Material shown
++++++++++++++++++++

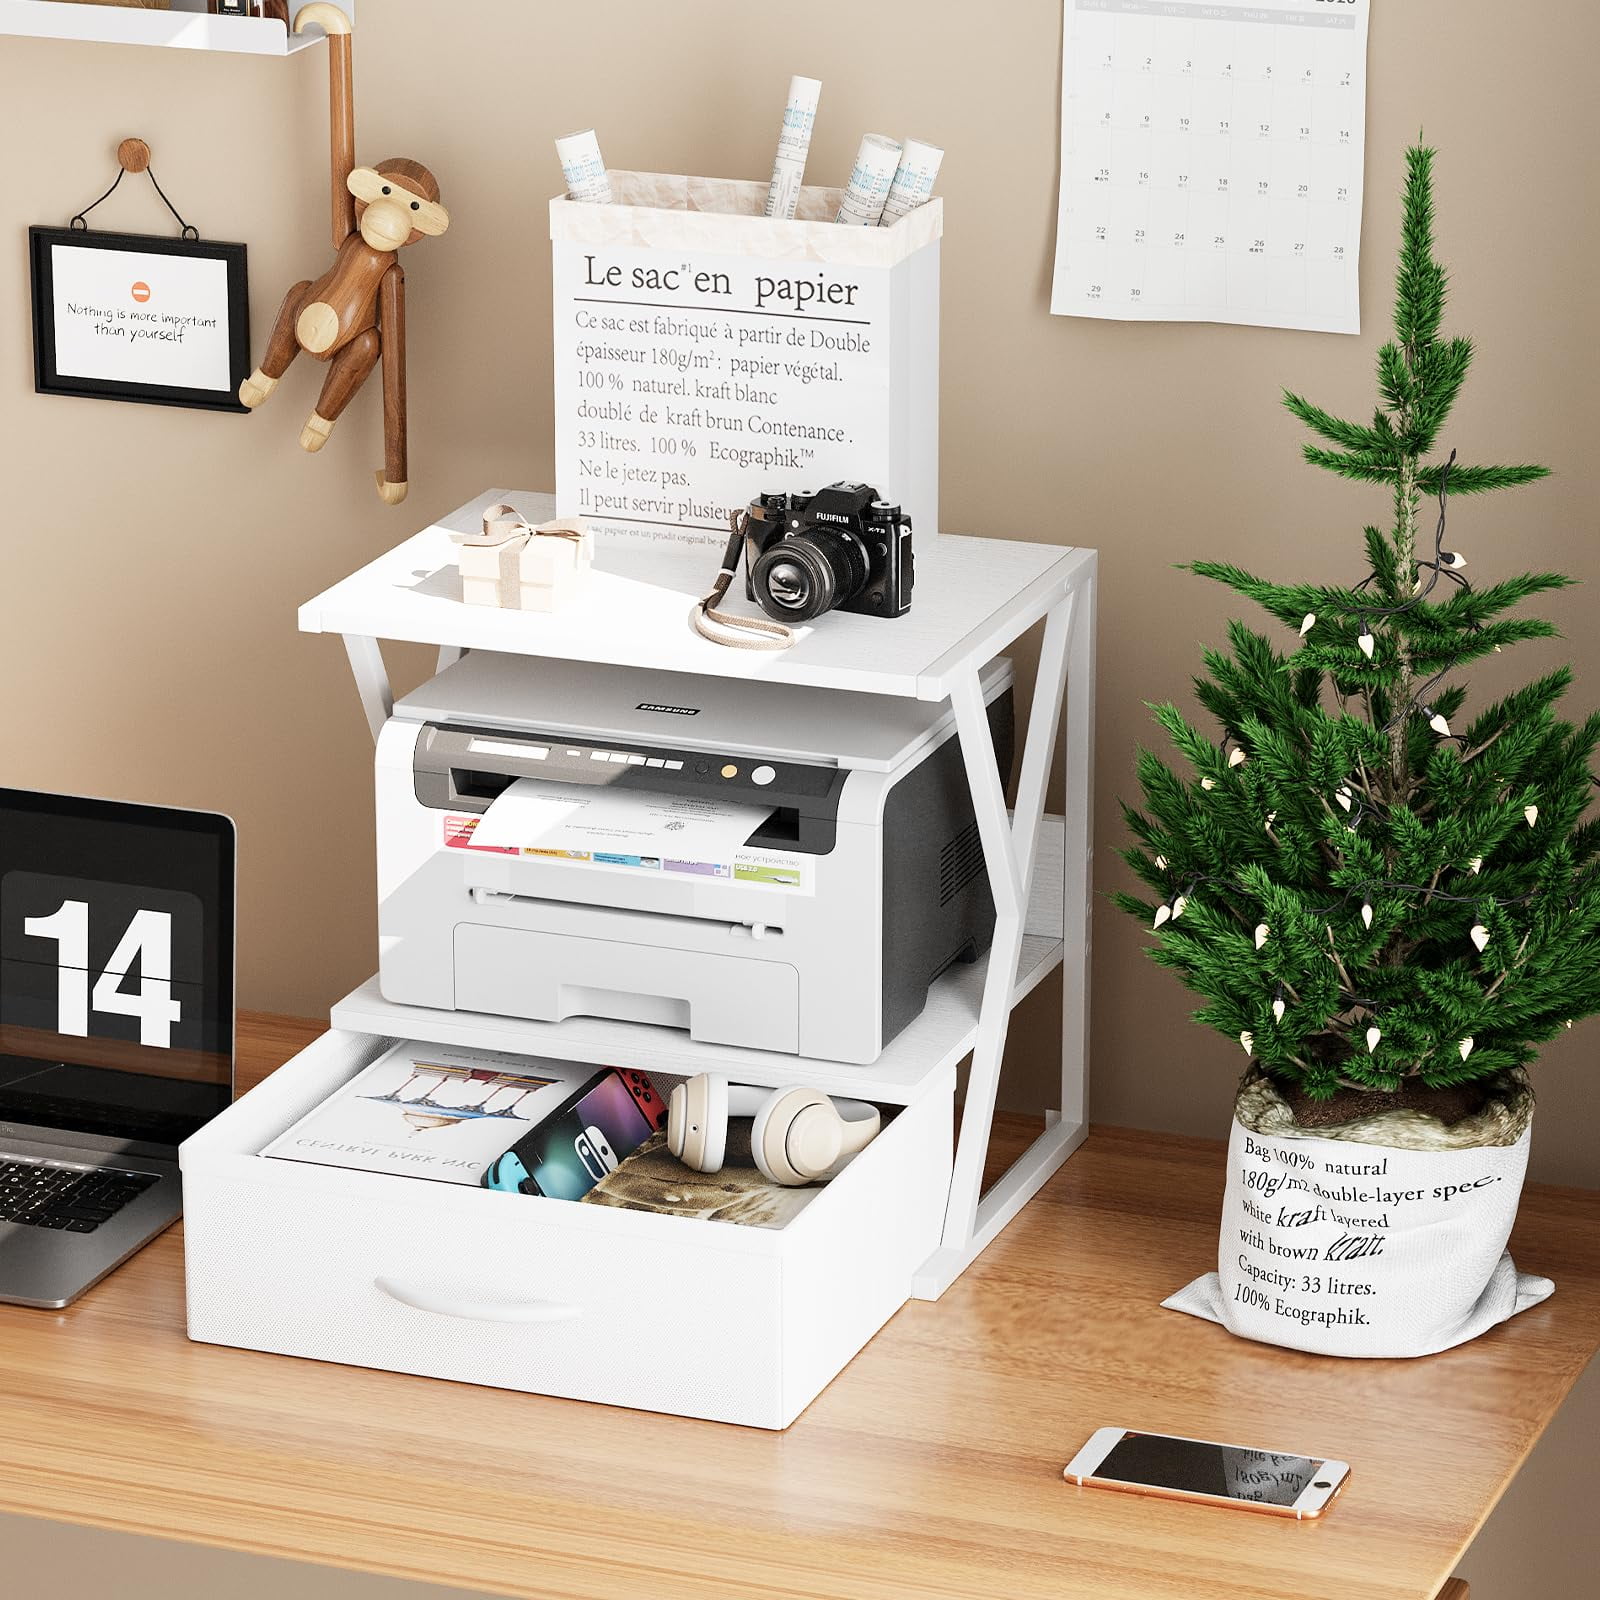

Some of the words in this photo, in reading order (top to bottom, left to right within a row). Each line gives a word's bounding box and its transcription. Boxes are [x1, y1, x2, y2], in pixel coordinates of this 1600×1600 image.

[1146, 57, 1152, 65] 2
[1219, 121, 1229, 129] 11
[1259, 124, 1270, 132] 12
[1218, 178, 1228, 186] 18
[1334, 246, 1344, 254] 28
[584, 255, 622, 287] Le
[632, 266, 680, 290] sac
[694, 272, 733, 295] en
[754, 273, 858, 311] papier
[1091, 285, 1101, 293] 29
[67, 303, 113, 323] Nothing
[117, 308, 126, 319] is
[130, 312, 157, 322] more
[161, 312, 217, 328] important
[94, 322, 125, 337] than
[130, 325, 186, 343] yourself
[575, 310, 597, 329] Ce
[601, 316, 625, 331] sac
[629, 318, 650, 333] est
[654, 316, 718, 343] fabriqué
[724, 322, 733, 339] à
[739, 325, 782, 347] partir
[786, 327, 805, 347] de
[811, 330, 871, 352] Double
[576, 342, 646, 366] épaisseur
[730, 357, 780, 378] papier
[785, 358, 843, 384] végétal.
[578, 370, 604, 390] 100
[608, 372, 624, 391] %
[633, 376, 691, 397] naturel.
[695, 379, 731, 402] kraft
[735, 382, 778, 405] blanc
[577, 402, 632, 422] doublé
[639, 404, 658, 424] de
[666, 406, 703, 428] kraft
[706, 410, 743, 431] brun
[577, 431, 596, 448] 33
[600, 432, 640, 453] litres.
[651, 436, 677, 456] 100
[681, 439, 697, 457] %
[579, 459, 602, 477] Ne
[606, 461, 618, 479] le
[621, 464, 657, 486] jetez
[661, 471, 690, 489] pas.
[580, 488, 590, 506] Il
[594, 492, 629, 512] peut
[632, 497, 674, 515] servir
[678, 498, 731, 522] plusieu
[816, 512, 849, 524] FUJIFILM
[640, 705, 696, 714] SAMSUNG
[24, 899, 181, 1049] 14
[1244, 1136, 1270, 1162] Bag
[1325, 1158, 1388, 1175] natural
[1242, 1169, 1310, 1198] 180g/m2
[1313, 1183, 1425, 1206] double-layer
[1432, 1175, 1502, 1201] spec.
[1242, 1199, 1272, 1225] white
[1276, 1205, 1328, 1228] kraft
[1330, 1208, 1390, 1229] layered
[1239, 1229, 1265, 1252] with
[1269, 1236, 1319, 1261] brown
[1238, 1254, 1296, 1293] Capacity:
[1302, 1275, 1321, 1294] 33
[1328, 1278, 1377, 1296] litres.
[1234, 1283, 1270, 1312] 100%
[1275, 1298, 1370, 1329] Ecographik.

++++++++++++++++++++

Work request
All of the data should come back exactly as written, but without pictures.

Exercise response
Some of the words in this photo, in reading order (top to bottom, left to right within a row). Each line gives a word's bounding box and its transcription. Boxes are [x1, y1, x2, y2], in pixel coordinates of this 1600×1600 image.

[1146, 57, 1152, 65] 2
[1219, 121, 1229, 129] 11
[1259, 124, 1270, 132] 12
[1218, 178, 1228, 186] 18
[1334, 246, 1344, 254] 28
[584, 255, 622, 287] Le
[632, 266, 680, 290] sac
[694, 272, 733, 295] en
[754, 273, 858, 311] papier
[1091, 285, 1101, 293] 29
[67, 303, 113, 323] Nothing
[117, 308, 126, 319] is
[130, 312, 157, 322] more
[161, 312, 217, 328] important
[94, 322, 125, 337] than
[130, 325, 186, 343] yourself
[575, 310, 597, 329] Ce
[601, 316, 625, 331] sac
[629, 318, 650, 333] est
[654, 316, 718, 343] fabriqué
[724, 322, 733, 339] à
[739, 325, 782, 347] partir
[786, 327, 805, 347] de
[811, 330, 871, 352] Double
[576, 342, 646, 366] épaisseur
[730, 357, 780, 378] papier
[785, 358, 843, 384] végétal.
[578, 370, 604, 390] 100
[608, 372, 624, 391] %
[633, 376, 691, 397] naturel.
[695, 379, 731, 402] kraft
[735, 382, 778, 405] blanc
[577, 402, 632, 422] doublé
[639, 404, 658, 424] de
[666, 406, 703, 428] kraft
[706, 410, 743, 431] brun
[577, 431, 596, 448] 33
[600, 432, 640, 453] litres.
[651, 436, 677, 456] 100
[681, 439, 697, 457] %
[579, 459, 602, 477] Ne
[606, 461, 618, 479] le
[621, 464, 657, 486] jetez
[661, 471, 690, 489] pas.
[580, 488, 590, 506] Il
[594, 492, 629, 512] peut
[632, 497, 674, 515] servir
[678, 498, 731, 522] plusieu
[816, 512, 849, 524] FUJIFILM
[640, 705, 696, 714] SAMSUNG
[24, 899, 181, 1049] 14
[1244, 1136, 1270, 1162] Bag
[1325, 1158, 1388, 1175] natural
[1242, 1169, 1310, 1198] 180g/m2
[1313, 1183, 1425, 1206] double-layer
[1432, 1175, 1502, 1201] spec.
[1242, 1199, 1272, 1225] white
[1276, 1205, 1328, 1228] kraft
[1330, 1208, 1390, 1229] layered
[1239, 1229, 1265, 1252] with
[1269, 1236, 1319, 1261] brown
[1238, 1254, 1296, 1293] Capacity:
[1302, 1275, 1321, 1294] 33
[1328, 1278, 1377, 1296] litres.
[1234, 1283, 1270, 1312] 100%
[1275, 1298, 1370, 1329] Ecographik.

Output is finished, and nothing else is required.